» **GOAL OF THE EXERCISE**:
Retype every entry word for word. Omit the pictures.

» **ENTRIES SUPPLIED**:
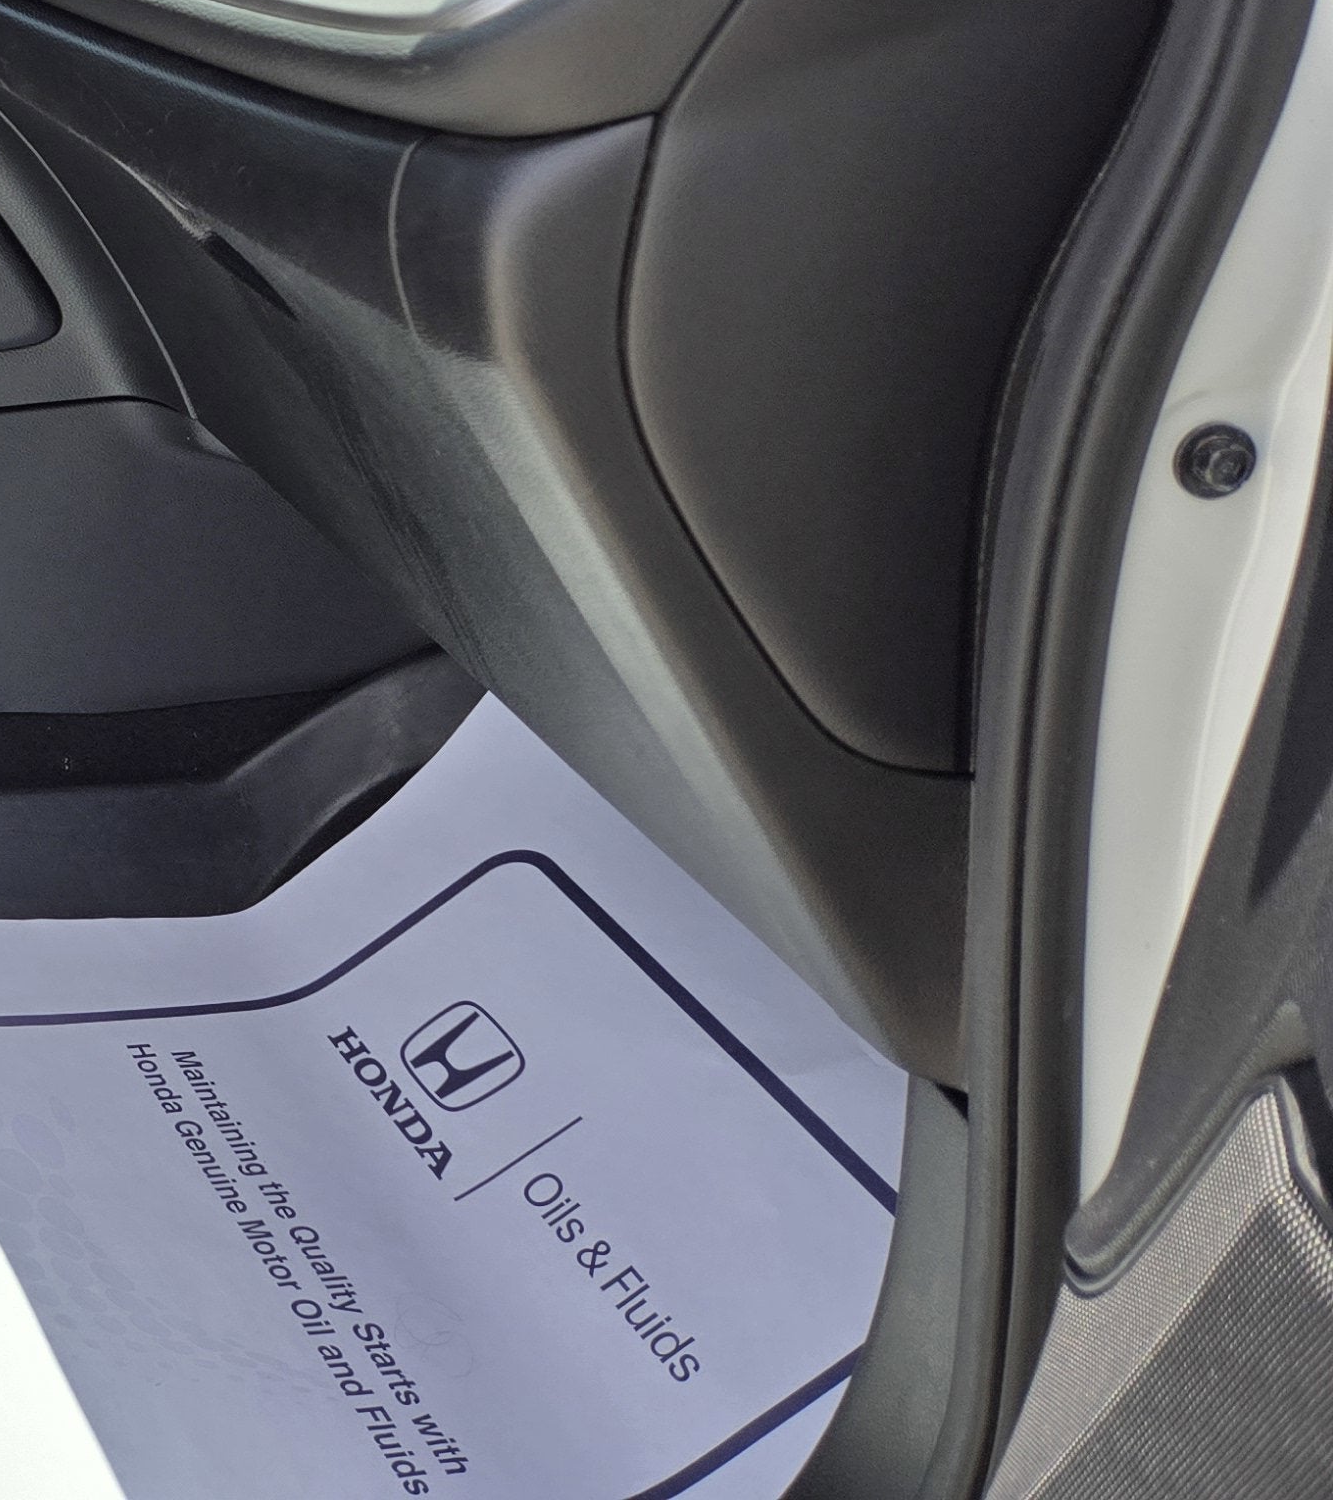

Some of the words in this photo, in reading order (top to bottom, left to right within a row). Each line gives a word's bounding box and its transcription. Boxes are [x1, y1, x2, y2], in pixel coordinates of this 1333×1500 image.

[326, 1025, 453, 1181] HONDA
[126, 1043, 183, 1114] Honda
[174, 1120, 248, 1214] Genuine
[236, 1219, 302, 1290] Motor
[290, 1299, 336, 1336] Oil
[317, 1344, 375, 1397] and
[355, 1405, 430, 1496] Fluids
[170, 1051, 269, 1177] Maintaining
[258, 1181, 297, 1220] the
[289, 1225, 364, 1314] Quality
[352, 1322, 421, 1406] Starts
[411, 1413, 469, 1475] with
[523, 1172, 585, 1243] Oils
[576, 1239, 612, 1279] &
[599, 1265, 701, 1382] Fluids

» **RESPONSE AREA**:
Some of the words in this photo, in reading order (top to bottom, left to right within a row). Each line gives a word's bounding box and its transcription. Boxes are [x1, y1, x2, y2], in pixel coordinates of this 1333×1500 image.

[326, 1025, 453, 1181] HONDA
[126, 1043, 183, 1114] Honda
[174, 1120, 248, 1214] Genuine
[236, 1219, 302, 1290] Motor
[290, 1299, 336, 1336] Oil
[317, 1344, 375, 1397] and
[355, 1405, 430, 1496] Fluids
[170, 1051, 269, 1177] Maintaining
[258, 1181, 297, 1220] the
[289, 1225, 364, 1314] Quality
[352, 1322, 421, 1406] Starts
[411, 1413, 469, 1475] with
[523, 1172, 585, 1243] Oils
[576, 1239, 612, 1279] &
[599, 1265, 701, 1382] Fluids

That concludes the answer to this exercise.